DBPedia & Wikipedia Lists

Wikipedia is a rich source of information for identifying newspapers in a country. You can use search terms like: “list of newspapers in [country]” to find lists of newspapers in a country.

Wikipedia’s strengths:

Usually labels newspapers as national or regional, aiding in labeling.
Most newspapers have their own dedicated Wikipedia page with details like circulation, owners, and publication status.

You can use the DBPedia scraper to extract information about newspapers in a country:

Add the name of the country to the query.
The script iterates through all hyperlinks on the page.
It extracts information from the infoboxes.

Note:
The DBPedia scraper also extracts irrelevant pages (e.g., towns or regions). You can filter for newspaper type only if you want to avoid cleaning the data. However, filtering reduces the number of hits because DBPedia data isn’t always properly structured. My recommendation is not to filter, as the ratio of irrelevant data to newspapers is low.

Official Directories

Official directories list registered national and regional newspapers. They can often be found via Google searches or on a country’s press ombudsman’s website.

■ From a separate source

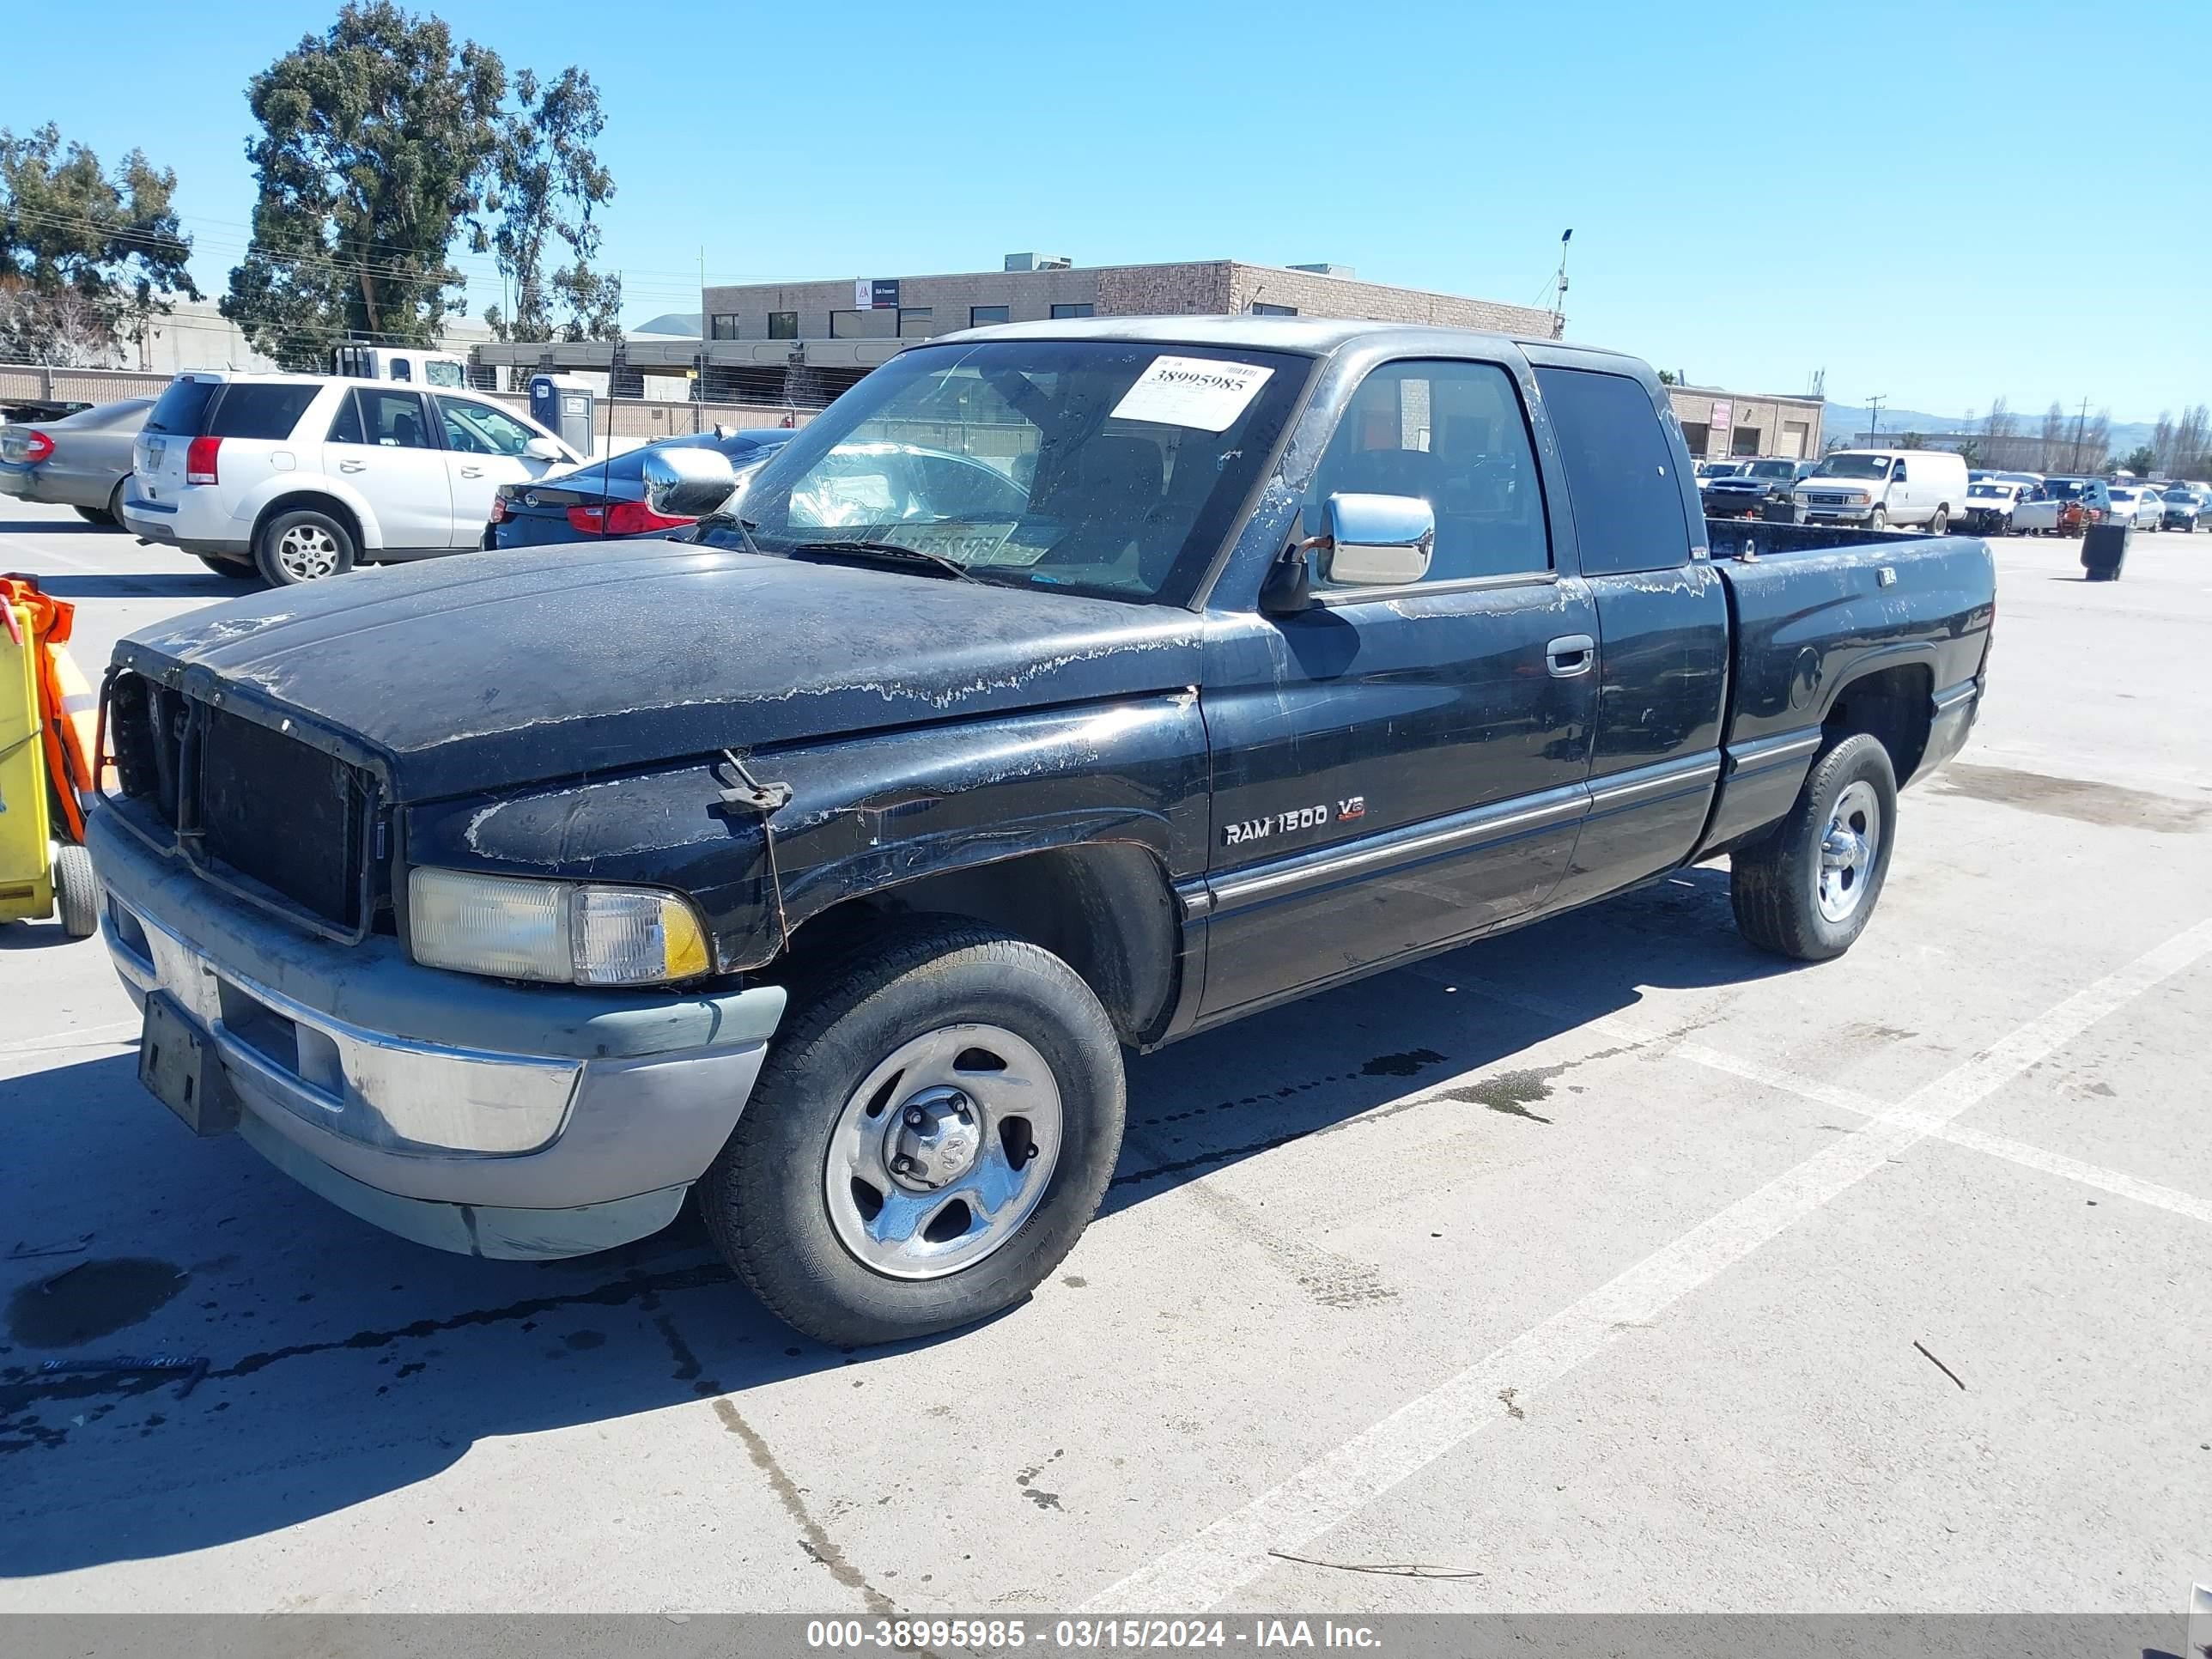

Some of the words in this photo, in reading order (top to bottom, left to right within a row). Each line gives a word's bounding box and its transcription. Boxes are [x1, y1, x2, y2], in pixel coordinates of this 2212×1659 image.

[1152, 369, 1248, 392] 38995985
[1224, 817, 1273, 846] RAM
[1277, 805, 1328, 834] 1500

While these directories may only provide the name and domain of media sources, their official status makes them valuable sources of truth.

Open-source Projects and Unofficial Directories

Several unofficial directories and open-source projects contain names and domains of thousands of newspapers worldwide:

WorldMap: An open-source project for global newspapers.
Blog posts for language learners.
Media directories hosted by companies.

These sources can supplement official directories but may require verification before inclusion.

Collating Multiple Sources into a Knowledge Base

To estimate media sources in any country, we create a country research sheet on Google Drive and store data from each directory in separate tabs:

Wikipedia: Use the DBPedia scraper on the country’s “list of newspapers” page. Clean the data to remove ceased publications.
WorldMap: Run the world newspaper map scraper to collect data.
Official Directories: Add data manually or with a script from press directories.
Company Data: Include our existing database in its own tab. Filter by country code and extract domains for that country.
Other Sources: Add any additional identified sources.

Labelling and Collating Sources

The next step is to manually label sources based on our typology, determining their classification.

Process:

Merge all research tabs into a master list that serves as our knowledge base of media sources in a country.
Filter out records that don’t fit our taxonomy.
Label sources by type (e.g., national, regional, tabloid).

The Result

The result is a comprehensive list of:

The adverse media team’s current newspapers.
The sources we believe exist in each country.

With this collated list:

Our sales team can identify the number and types of media sources we cover.
We can spot data gaps and review new sources for inclusion.
Sources rejected in the review are flagged with reasons for exclusion, maintaining a clear and up-to-date database.